RDLogger.DisableLog('rdApp.*') 
random.seed(42)

In [None]:
from simple_ga import simple_genetic_algorithm, generate_random_smiles, plot_ga_results

In [None]:
# --- Notes for the user ---
# 1. Fitness Function: The `example_fitness_function` is very basic.
#    For real molecular design, use RDKit or other cheminformatics toolkits to:
#    a. Validate SMILES: `mol = Chem.MolFromSmiles(s)`. If `mol is None`, it's invalid.
#    b. Calculate properties: LogP, QED, molecular weight, presence of specific
#       functional groups, similarity to a target, docking scores, etc.
#    c. The fitness function MUST handle invalid SMILES gracefully (e.g., return
#       a very low score or None, as handled by the GA).
#
# 2. SMILES_CHARS: The `SMILES_CHARS` list is a simplified alphabet.
#    Tailor it to the chemical space you are exploring (e.g., add 'Si', 'B', aromatic lowercase atoms).
#
# 3. Crossover and Mutation: These are simple string manipulations and will
#    often produce invalid SMILES. The fitness function's ability to
#    penalize/filter invalid SMILES is crucial. More advanced, chemically-aware
#    operators exist (e.g., using SELFIES, graph-based methods) but are more complex.
#

In [None]:
# --- User-defined components ---
def example_fitness_function(smiles_string):
    """
    A placeholder fitness function.
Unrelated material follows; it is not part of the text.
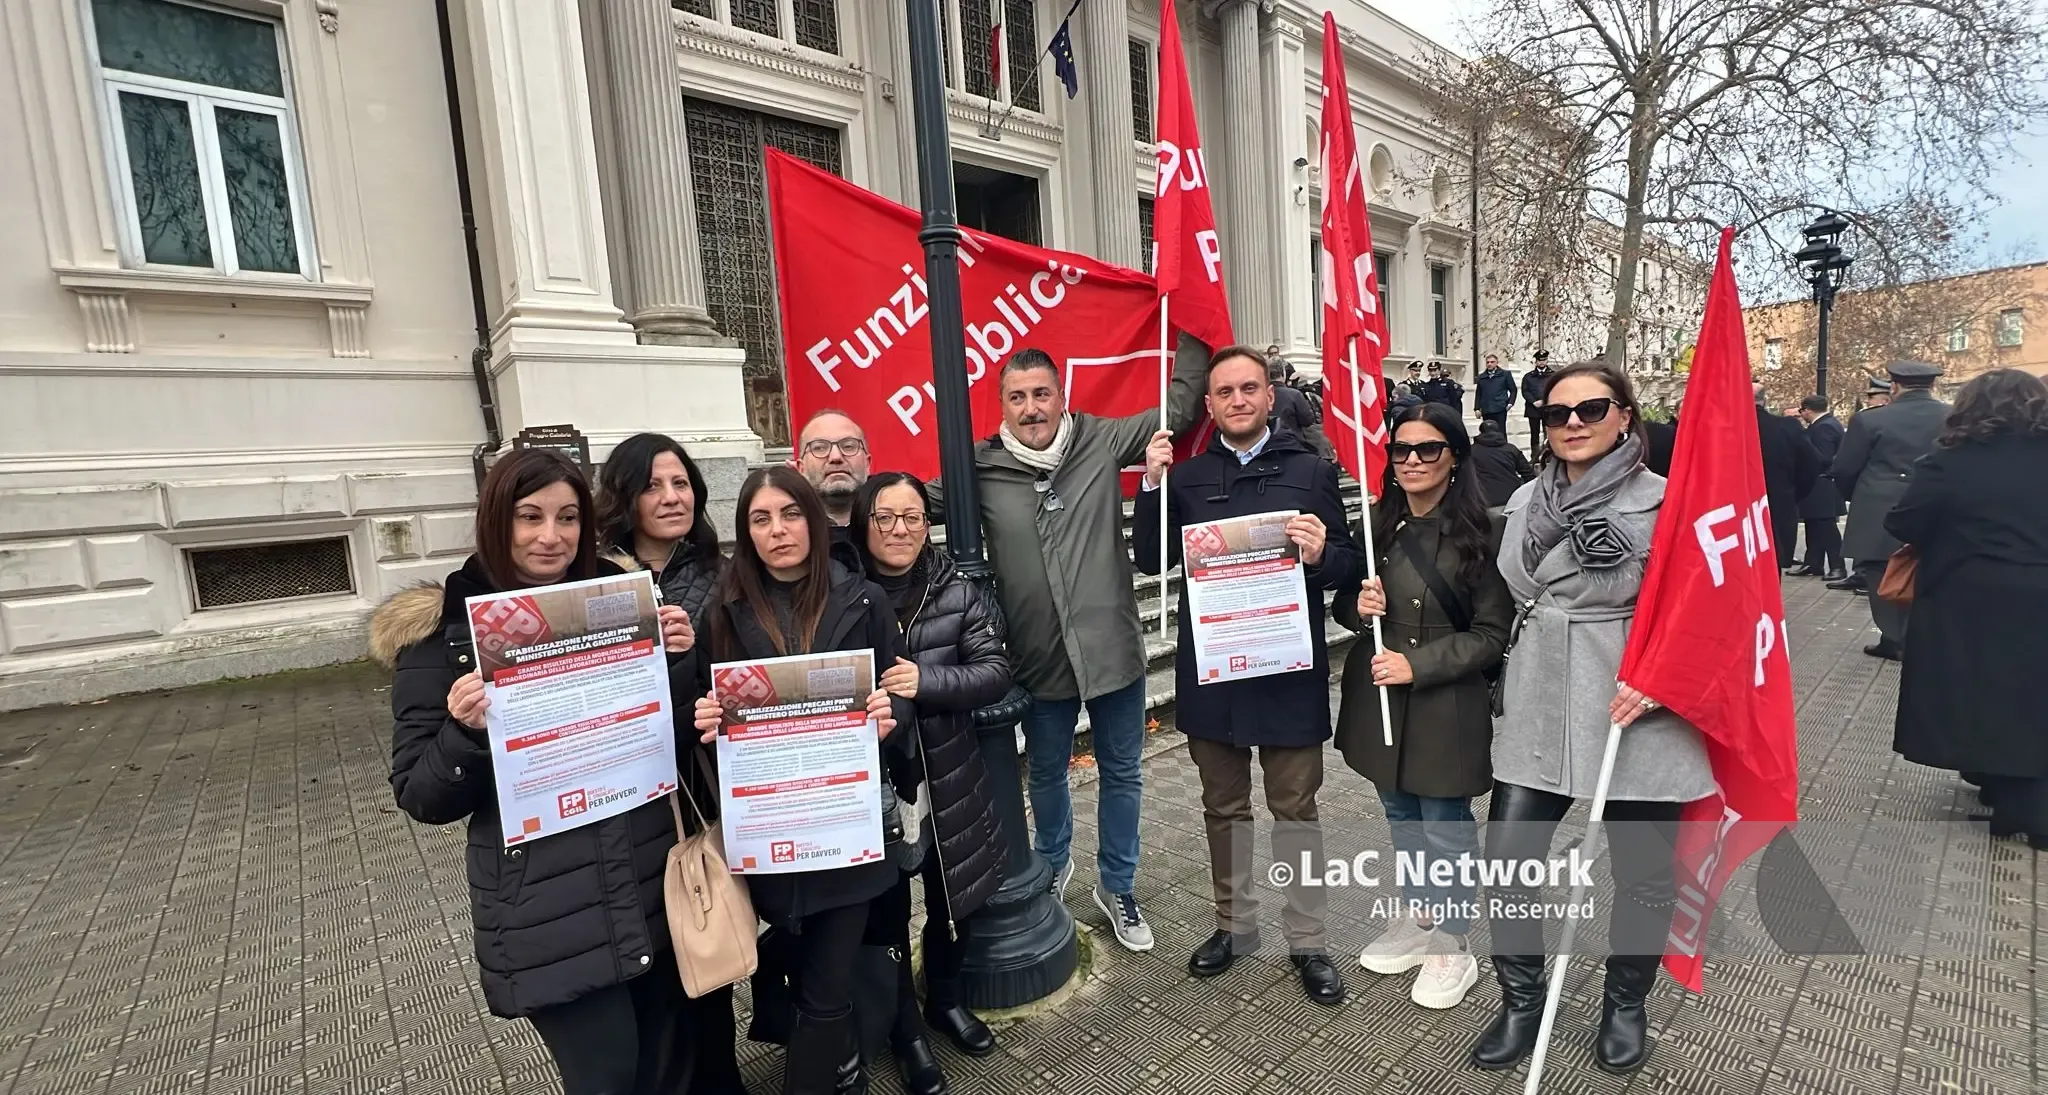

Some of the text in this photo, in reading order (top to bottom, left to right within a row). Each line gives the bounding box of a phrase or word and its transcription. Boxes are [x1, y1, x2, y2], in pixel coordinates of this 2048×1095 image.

Scores based on length and presence of 'O'.
    A real fitness function should use cheminformatics toolkits (e.g., RDKit)
    for SMILES validation and property calculation.
    It MUST handle potentially invalid SMILES (e.g., return a very low score or None).
    """
    if not smiles_string: # Handle empty string
        return -1000.0 

    # Using RDKit for validation
    mol = Chem.MolFromSmiles(smiles_string)
    if mol is None:
        return -1000.0  # Invalid SMILES

    score = 0.0
    # Reward length within a certain range
    if 5 <= len(smiles_string) <= 30:
        score += len(smiles_string)
    else:
        score -= abs(len(smiles_string) - 15) # Penalize deviation from ideal length 15

    score += smiles_string.count('O') * 10  # Reward Oxygen
    score += smiles_string.count('N') * 5   # Reward Nitrogen
    score -= smiles_string.count('Cl') * 2 # Penalize Chlorine slightly
    
    # Penalize if too short or too long after other calcs
    if len(smiles_string) < 3 or len(smiles_string) > 50:
        return -1000.0

    return score

In [None]:
# --- GA Parameters ---
num_generations = 100
pop_size = 100
crossover_rate = 0.8
mutation_rate = 0.2 # Probability an individual is mutated
tournament_size = 5
elitism_count = 2
initial_pop = [generate_random_smiles(random.randint(10, 25)) for _ in range(pop_size)]

In [None]:
print("Starting Simple Genetic Algorithm for SMILES generation...")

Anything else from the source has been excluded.